--- TRY IT ---
The entries should be restated word for word.
::::
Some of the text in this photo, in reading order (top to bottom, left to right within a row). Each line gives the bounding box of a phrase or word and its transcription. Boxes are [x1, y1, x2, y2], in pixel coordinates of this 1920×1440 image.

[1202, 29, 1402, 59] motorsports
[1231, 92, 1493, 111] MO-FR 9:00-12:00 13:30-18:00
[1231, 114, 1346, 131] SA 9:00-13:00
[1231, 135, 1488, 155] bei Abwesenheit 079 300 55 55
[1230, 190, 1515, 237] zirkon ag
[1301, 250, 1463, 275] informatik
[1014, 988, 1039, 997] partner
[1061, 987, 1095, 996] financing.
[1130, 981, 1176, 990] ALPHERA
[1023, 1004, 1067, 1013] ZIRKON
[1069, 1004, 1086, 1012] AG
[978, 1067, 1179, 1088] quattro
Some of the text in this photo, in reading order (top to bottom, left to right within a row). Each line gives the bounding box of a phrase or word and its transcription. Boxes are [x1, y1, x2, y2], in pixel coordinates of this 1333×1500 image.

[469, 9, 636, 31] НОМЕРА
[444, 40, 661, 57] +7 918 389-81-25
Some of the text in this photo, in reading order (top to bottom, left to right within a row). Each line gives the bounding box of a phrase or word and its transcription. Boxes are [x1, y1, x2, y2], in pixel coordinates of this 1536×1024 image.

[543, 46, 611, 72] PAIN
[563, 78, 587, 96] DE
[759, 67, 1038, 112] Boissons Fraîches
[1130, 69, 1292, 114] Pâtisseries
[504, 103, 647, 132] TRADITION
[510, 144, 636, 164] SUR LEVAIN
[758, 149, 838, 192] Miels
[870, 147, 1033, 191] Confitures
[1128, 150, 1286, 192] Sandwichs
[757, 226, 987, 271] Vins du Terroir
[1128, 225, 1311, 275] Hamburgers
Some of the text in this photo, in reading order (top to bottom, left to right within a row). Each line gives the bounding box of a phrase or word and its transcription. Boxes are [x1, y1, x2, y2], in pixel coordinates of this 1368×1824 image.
::::
--- TASK ANSWER ---
Some of the text in this photo, in reading order (top to bottom, left to right within a row). Each line gives the bounding box of a phrase or word and its transcription. Boxes are [x1, y1, x2, y2], in pixel coordinates of this 1920×1440 image.

[1202, 29, 1402, 59] motorsports
[1231, 92, 1493, 111] MO-FR 9:00-12:00 13:30-18:00
[1231, 114, 1346, 131] SA 9:00-13:00
[1231, 135, 1488, 155] bei Abwesenheit 079 300 55 55
[1230, 190, 1515, 237] zirkon ag
[1301, 250, 1463, 275] informatik
[1014, 988, 1039, 997] partner
[1061, 987, 1095, 996] financing.
[1130, 981, 1176, 990] ALPHERA
[1023, 1004, 1067, 1013] ZIRKON
[1069, 1004, 1086, 1012] AG
[978, 1067, 1179, 1088] quattro
Some of the text in this photo, in reading order (top to bottom, left to right within a row). Each line gives the bounding box of a phrase or word and its transcription. Boxes are [x1, y1, x2, y2], in pixel coordinates of this 1333×1500 image.

[469, 9, 636, 31] НОМЕРА
[444, 40, 661, 57] +7 918 389-81-25
Some of the text in this photo, in reading order (top to bottom, left to right within a row). Each line gives the bounding box of a phrase or word and its transcription. Boxes are [x1, y1, x2, y2], in pixel coordinates of this 1536×1024 image.

[543, 46, 611, 72] PAIN
[563, 78, 587, 96] DE
[759, 67, 1038, 112] Boissons Fraîches
[1130, 69, 1292, 114] Pâtisseries
[504, 103, 647, 132] TRADITION
[510, 144, 636, 164] SUR LEVAIN
[758, 149, 838, 192] Miels
[870, 147, 1033, 191] Confitures
[1128, 150, 1286, 192] Sandwichs
[757, 226, 987, 271] Vins du Terroir
[1128, 225, 1311, 275] Hamburgers
Some of the text in this photo, in reading order (top to bottom, left to right within a row). Each line gives the bounding box of a phrase or word and its transcription. Boxes are [x1, y1, x2, y2], in pixel coordinates of this 1368×1824 image.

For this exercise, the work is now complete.